Shares of Reliance Industries (RIL) soared 11 per cent, the most since May 2009, a day after its telecom unit Jio Infocomm announced it would end seven months of free services and start charging customers. The value of shares of the Mukesh Ambani-owned firm gained Rs 119.4, or 10.97 per cent, to Rs 1,207.65— a level last seen on May 29, 2008.
Market players said the move to start charging from April 1 has helped alleviate concerns over the viability of its telecom business and raised hopes that it would start contributing to profits from the next financial year.
“We believe this is a significant development as it will likely lead to profit and loss recognition of Jio in FY18 and also provide much better visibility on its true potential, which has been difficult to gauge under the current free offering,” said Jefferies in a note.
The stock was the biggest gainer in the benchmark Sensex and Nifty indices on Wednesday and also the most-traded, with volumes of Rs 3,820 crore.
The rally in Reliance, which is the second-most valuable company in India, helped the benchmark indices close higher for a fifth straight day and took the Nifty within kissing distance of a new record high. Reliance contributed 216 points to the Sensex gains, helping it close 103 points higher. The 50-share Nifty index added 19 points to close at 8,926.9, just 73 points below its record close of 9,000.

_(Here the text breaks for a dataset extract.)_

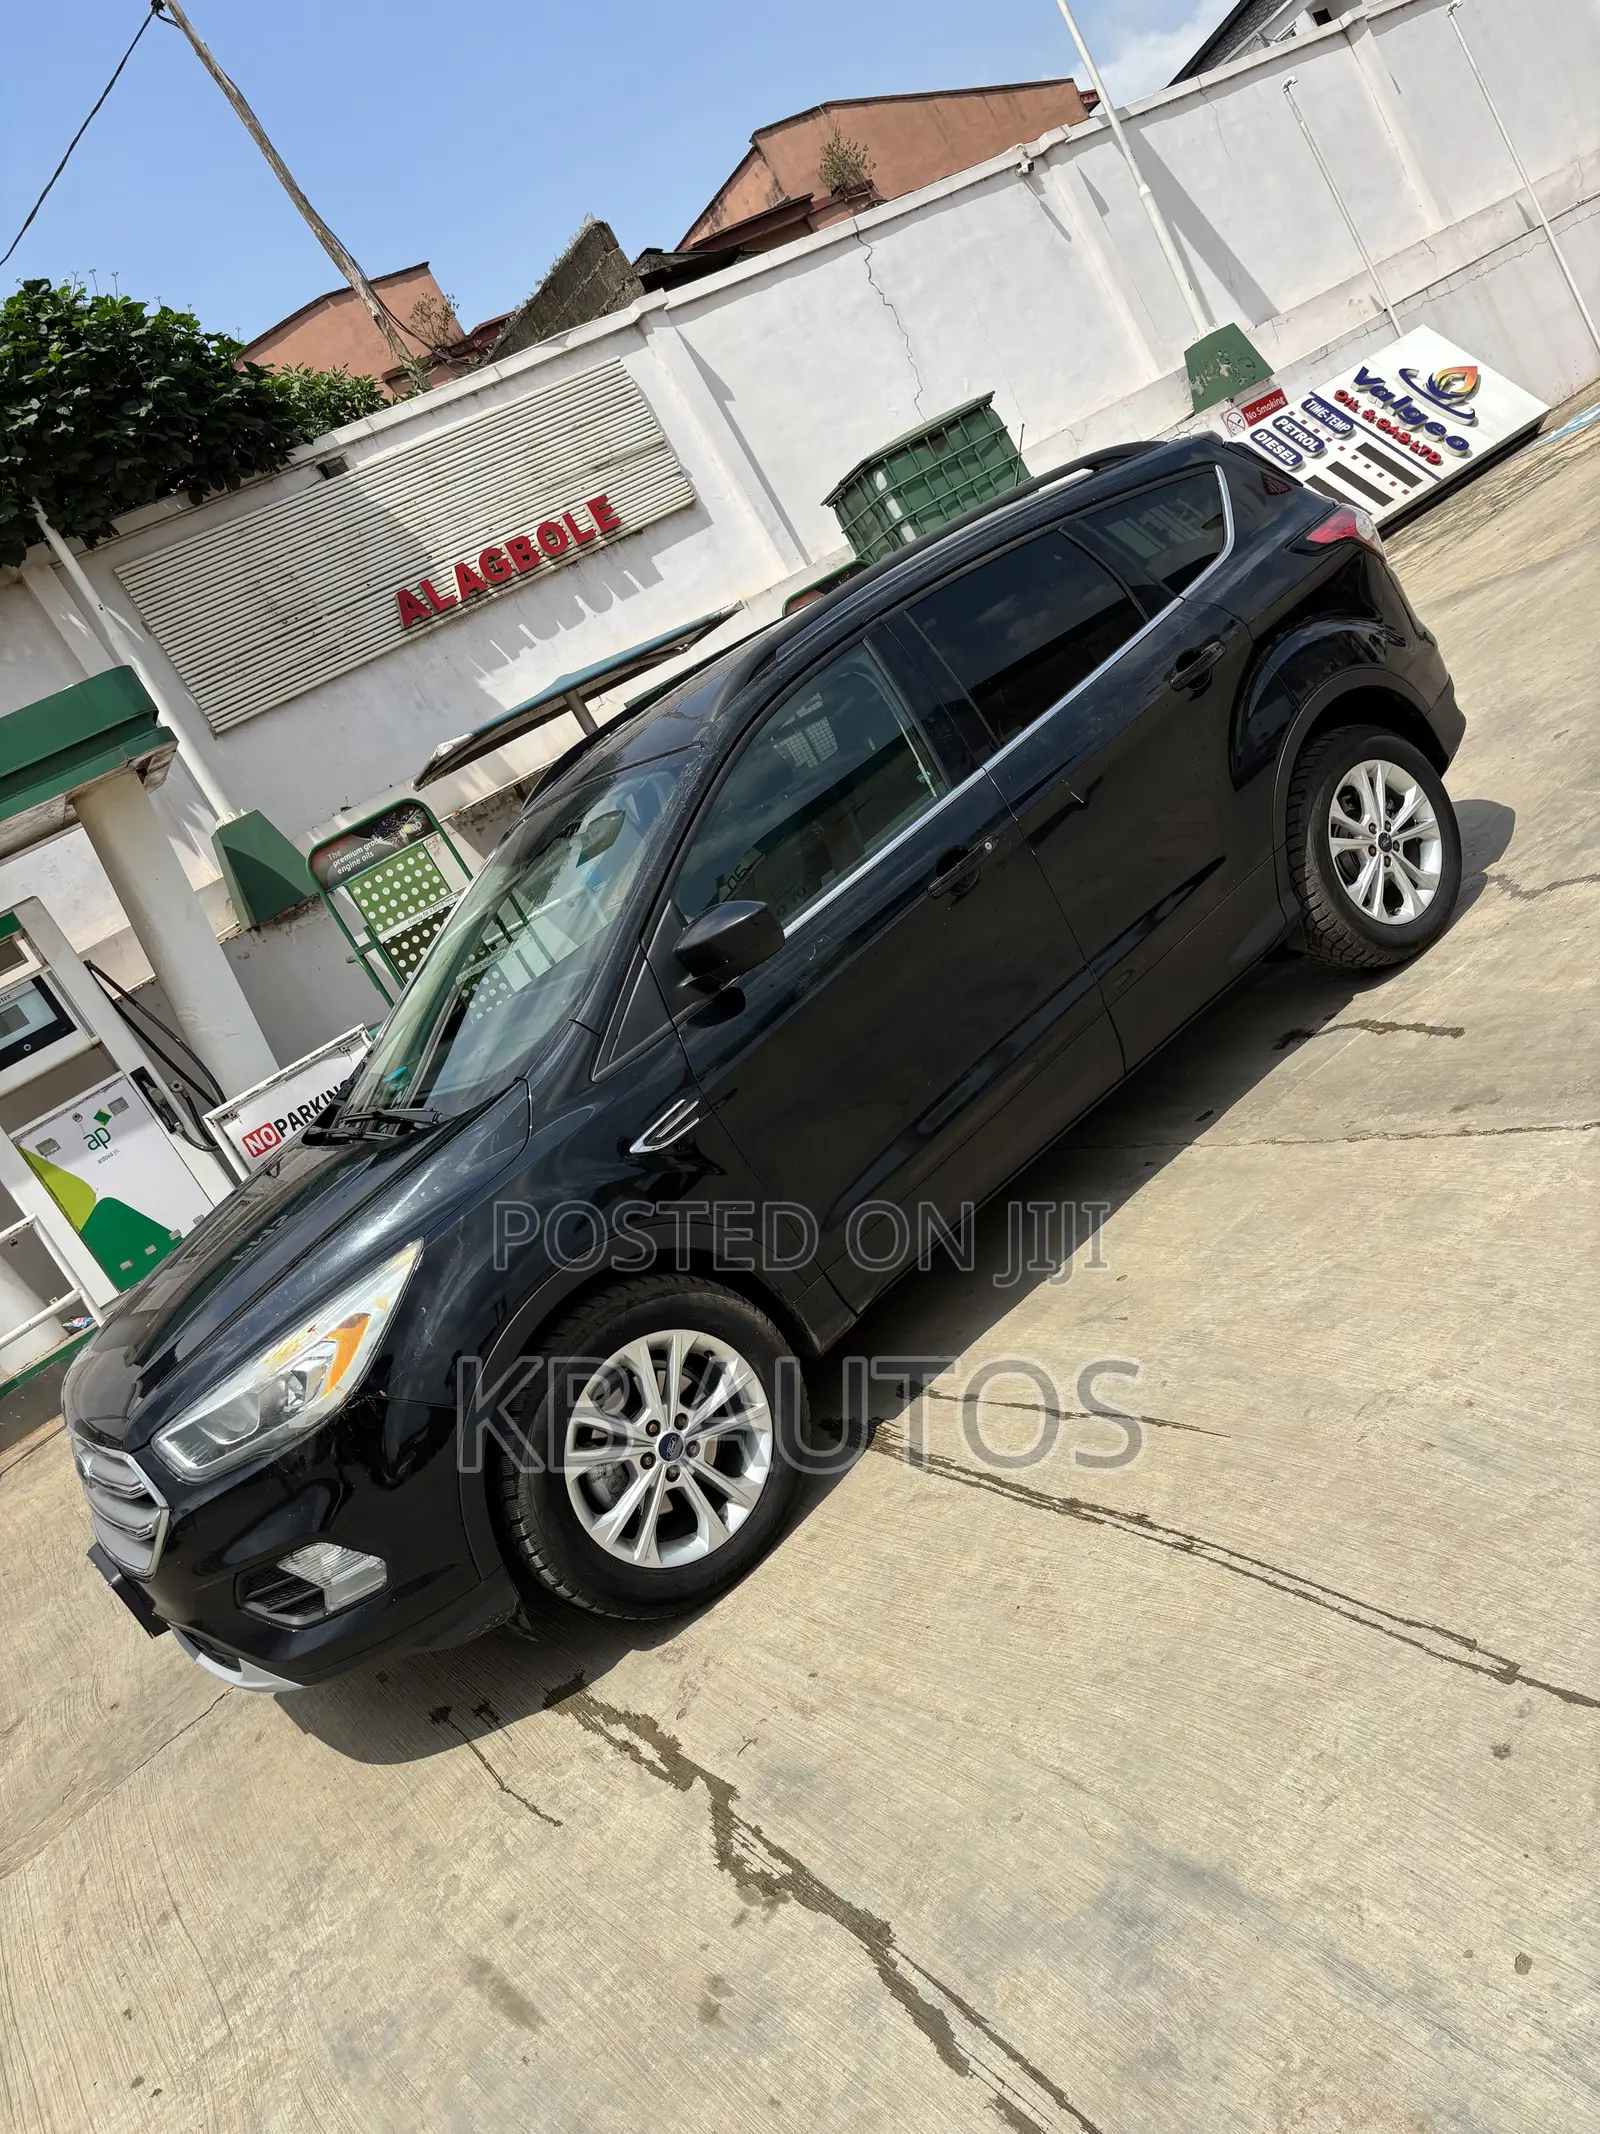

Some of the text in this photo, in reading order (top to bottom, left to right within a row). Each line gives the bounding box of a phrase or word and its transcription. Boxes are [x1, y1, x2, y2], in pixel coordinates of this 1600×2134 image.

Jio has been offering free unlimited services since September 2016. The introductory offer was to end in December 2016, but the company extended it till March 2017. The move raised concerns among brokerages, including HDFC Securities and Sanford Bernstein, over the viability of Reliance’s telecom foray.
Chairman Ambani on Tuesday announced Jio has crossed the 100-million customer mark. It had spent about Rs 1.5 lakh crore on its fourth-generation mobile foray. Ambani said it would continue to offer unlimited services for another year for a monthly charge of Rs 303. The offer will be available only for customers who sign up for the Jio Prime membership by paying Rs 100 before March 31.
Tarun Lakhotia, analyst at Kotak Institutional Equities, said Jio’s monthly pricing was attractive enough to allow retention of at least 50 per cent of its customer base.
Analysts at Credit Suisse said Reliance’s tariff plan will put a “cap” on revenue earned from higher-end subscribers at rival telecom operators, such as Bharti Airtel, Idea and Vodafone. Analysts said the average revenues earned from each by the industry could go down.
Shares of Airtel ended 0.5 per cent lower, while Idea surged four per cent on buzz of the merger with Vodafone happening soon. RIL added Rs 38,732 crore in market capitalisation, almost the market value of Idea.
Analysts said Airtel and Vodafone, which have already slashed prices to counter Ambani’s Jio, have to further lower their tariffs on data and voice.
“From Jio’s perspective, it would now be interesting to see how they manage the transition to paid usage, without seeing a sharp drop in subscriber base,” Credit Suisse analysts Sunil Tirumalai and Viral Shah said in the note. “The next 30 days would probably be used to gauge interest levels to these new price points, as also to market these to existing subscribers.”